- From: Peter Moulder <peter.moulder@monash.edu>
- Date: Sat, 08 Jan 2011 00:08:28 +0000
- To: www-style@w3.org
'all': Is 'all' a media type or a media group? It is currently listed as both. Note that "media types are mutually exclusive in the sense that a user agent can only support one media type when rendering a document". If 'all' really is both a media type and a media group, then does ‘@media all { ... }’ apply just to the 'all' media type, or to all media types? I suggest that 'all' should be only a media group, not a media type. In which case, I suggest removing it from the first list. 'speech': 'speech' appears to be both the name of a medium and of a media group. Presumably, ‘speech’ in an @import or @media rule should be treated as a media group rather than media type. This may come as a surprise to an author attempting to have an @import or @media rule specific to speech as distinct from tv.
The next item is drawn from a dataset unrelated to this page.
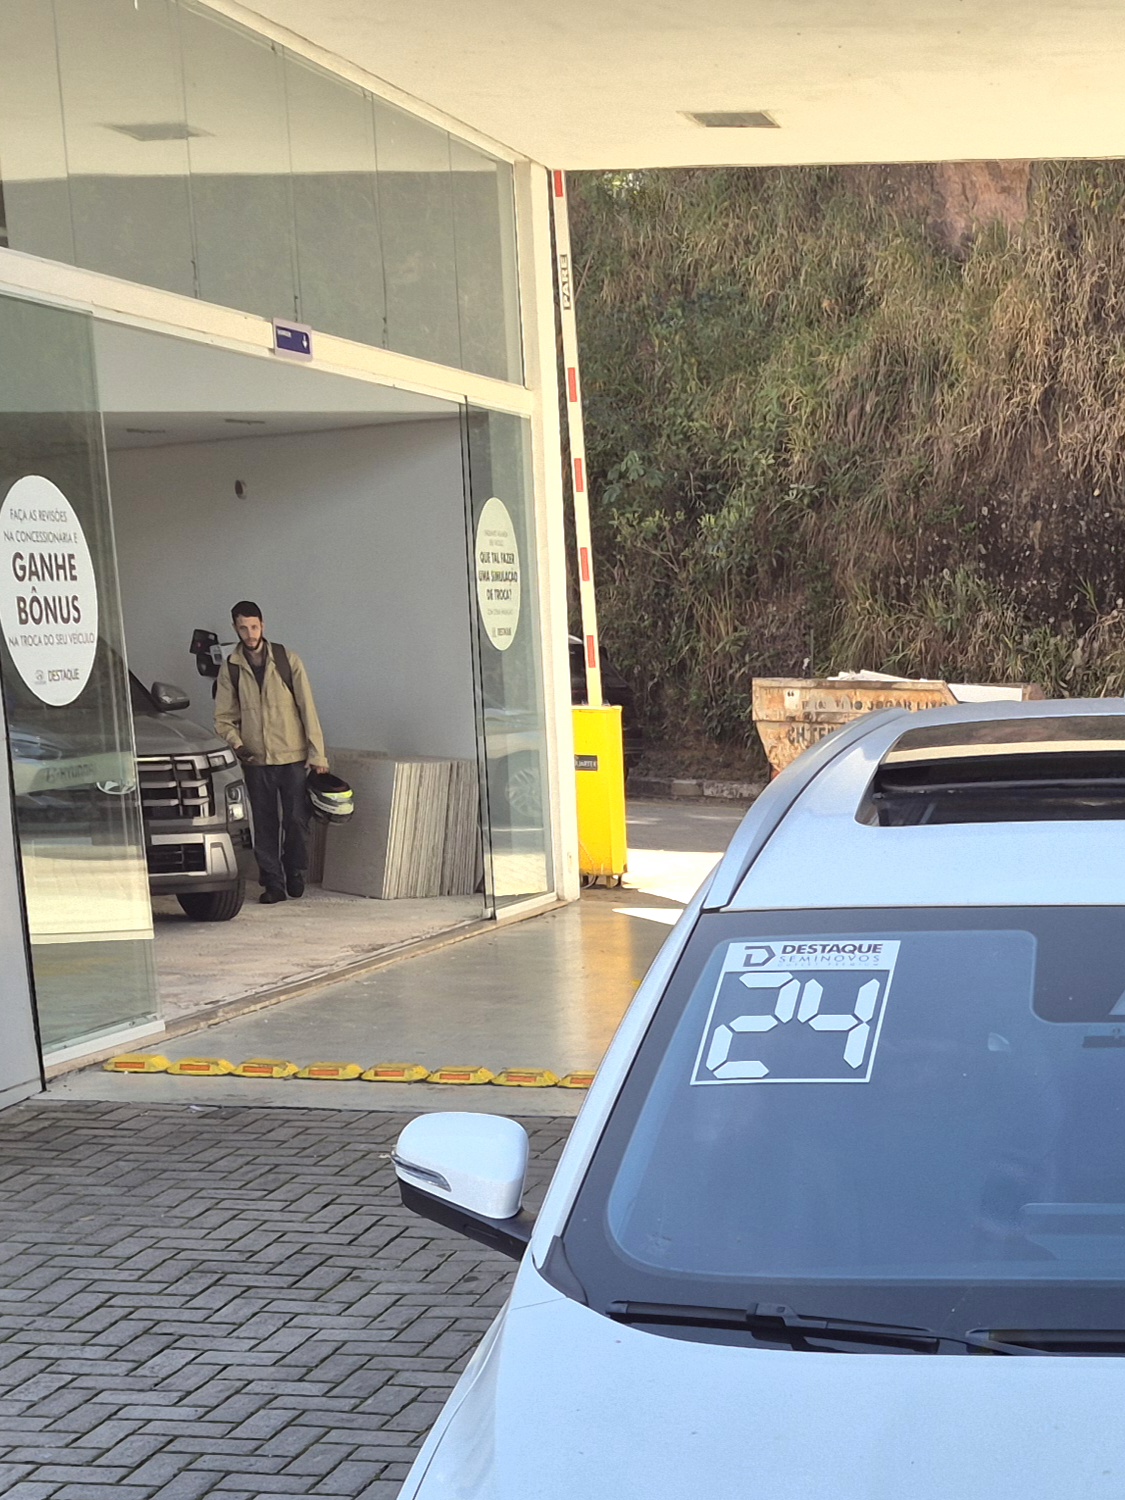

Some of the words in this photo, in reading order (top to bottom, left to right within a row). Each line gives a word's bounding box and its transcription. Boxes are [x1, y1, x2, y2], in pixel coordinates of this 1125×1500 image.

It would be good for the spec to draw attention to this (both for implementors and authors). aural.html depicts the speech media type as still in development. Is it too late to change to different names? What media groups are exclusive of what other media groups ? The section on media groups is unclear as to to what extent media groups are guaranteed to be mutually exclusive. It would be helpful for authors to know whether or not it's possible for both 'continuous' and 'paged' to be matched in a given canvas, in which case they know to be careful about the order of ‘@media continuous’ and ‘@media paged’ rules, or grid vs bitmap or whatever. The closest the spec comes at the moment is to say that "The 'tv' media type, for example, is a multimodal media type that renders both visually and aurally to a single canvas", which strongly suggests that both 'visual' and 'audio' can match on a single canvas, but doesn't give any help as to whether or not both 'grid' and 'bitmap' could apply on a single canvas (perhaps for the case of a UA like w3m that usually restricts itself to the character grid but occasionally uses bitmap capabilities). (For 'paged' and 'continuous', maybe a screen-based UA that uses page breaks where it judges that they enhance reading. Even if you think this not a reasonable case for applying both, it's hard for an author to be certain that there are no cases where both would be applied.) pjrm.